Inter-homolog allelic mitotic recombination leading to loss-of-heterozygosity (LOH) of a counter-selectable marker. The sequence of panels (from top to bottom) illustrates the steps of a DSB repair event by HR. Other possible scenarios such as gene conversion and break induced replication are not shown. A pair of duplicated homologous chromosomes represent the S288c/YJM789 hybrid background; S288c in red, YJM789 in blue. Black circles represent centromeres, a “U” labeled yellow circle represents the counter-selectable URA3 marker which has been inserted at a distal region of the chromosome. One of the chromatids in the S288c homolog sustains a DSB. Repair of the DSB occurs through HR using as template the allelic position from a chromatid in the YJM789 homolog.
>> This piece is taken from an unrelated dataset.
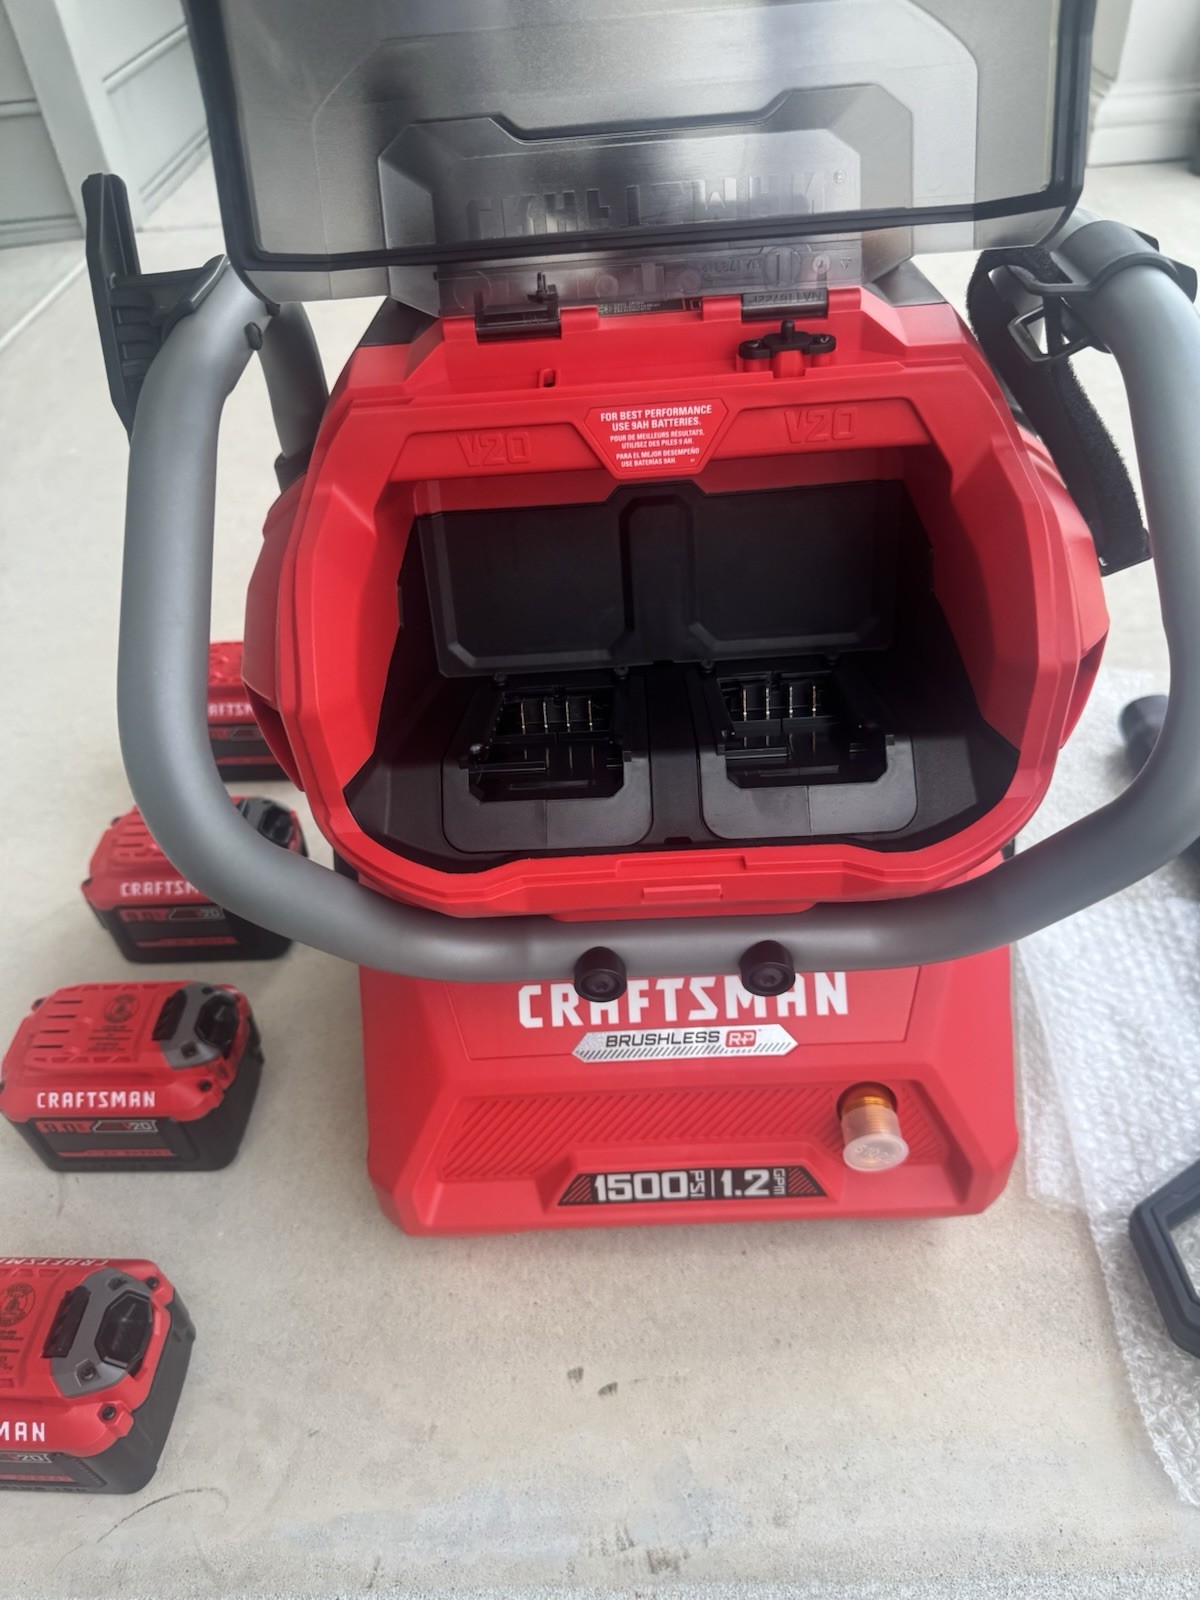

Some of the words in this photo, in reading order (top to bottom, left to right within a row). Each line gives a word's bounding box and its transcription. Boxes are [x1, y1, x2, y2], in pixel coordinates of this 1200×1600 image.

The recombination intermediate is resolved as a crossover resulting in a reciprocal exchange of genetic information. In the subsequent mitosis, two possible outcomes of segregation of the parental and recombinant chromatids produce genetically distinct sets of daughter cells. Left: one daughter cell receives two parental chromatids while the other receives two recombinant chromatids. Both daughter cells remain heterozygous for the URA3 marker insertion and are thus 5-FOA sensitive, although HetSNP phasing is altered in one of them. Right: each daughter cell receives one parental and one recombinant chromatid. One cell becomes homozygous for the S288c sequences at positions distal to the crossover site, including the URA3 marker insertion and remains sensitive to 5-FOA. The other daughter cell (bold) becomes homozygous for the YJM789 sequences, thus losing the URA3 marker and becoming resistant to 5-FOA.